ErrorRadar: Benchmarking Complex Mathematical Reasoning of Multimodal Large Language Models Via Error Detection

TL;DR

ErrorRadar is a new benchmark designed to evaluate multimodal large language models' ability to detect and categorize errors in complex mathematical reasoning tasks, highlighting current performance gaps.

Contribution

The paper introduces ErrorRadar, the first benchmark for multimodal error detection in mathematical reasoning, with a comprehensive dataset and evaluation framework.

Findings

GPT-4o performs about 10% below human evaluators.

Current MLLMs face significant challenges in complex error detection tasks.

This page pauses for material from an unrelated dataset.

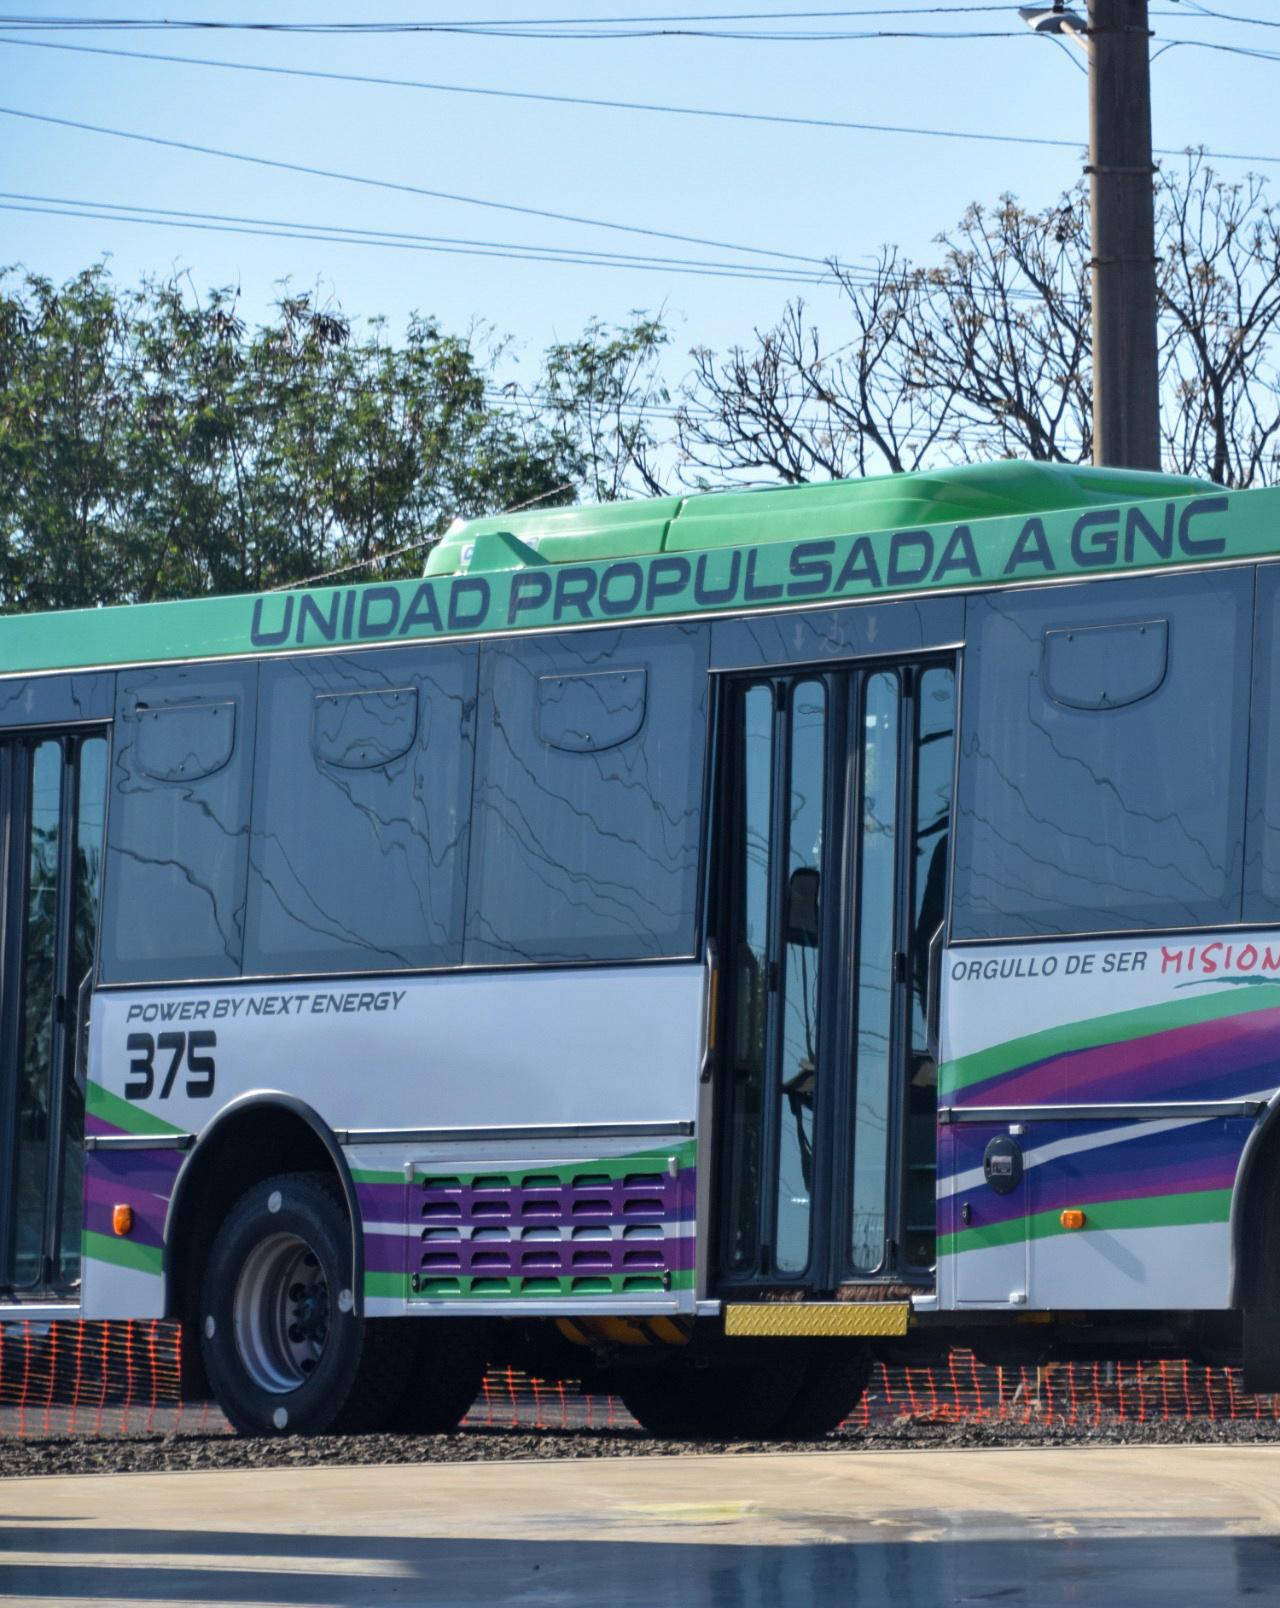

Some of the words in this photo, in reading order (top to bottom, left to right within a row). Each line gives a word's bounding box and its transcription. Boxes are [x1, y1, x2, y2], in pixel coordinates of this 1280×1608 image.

ErrorRadar reveals substantial room for improvement in multimodal mathematical reasoning.

Abstract

As the field of Multimodal Large Language Models (MLLMs) continues to evolve, their potential to revolutionize artificial intelligence is particularly promising, especially in addressing mathematical reasoning tasks. Current mathematical benchmarks predominantly focus on evaluating MLLMs' problem-solving ability, yet there is a crucial gap in addressing more complex scenarios such as error detection, for enhancing reasoning capability in complicated settings. To fill this gap, we formally formulate the new task: multimodal error detection, and introduce ErrorRadar, the first benchmark designed to assess MLLMs' capabilities in such a task. ErrorRadar evaluates two sub-tasks: error step identification and error categorization, providing a comprehensive framework for evaluating MLLMs' complex mathematical reasoning ability. It consists of 2,500 high-quality multimodal K-12 mathematical problems, collected from real-world student interactions in an educational organization, with rigorous annotation and rich metadata such as problem type and error category. Through extensive experiments, we evaluated both open-source and closed-source representative MLLMs, benchmarking their performance against educational expert evaluators. Results indicate significant challenges still remain, as GPT-4o with best performance is still around 10% behind human evaluation.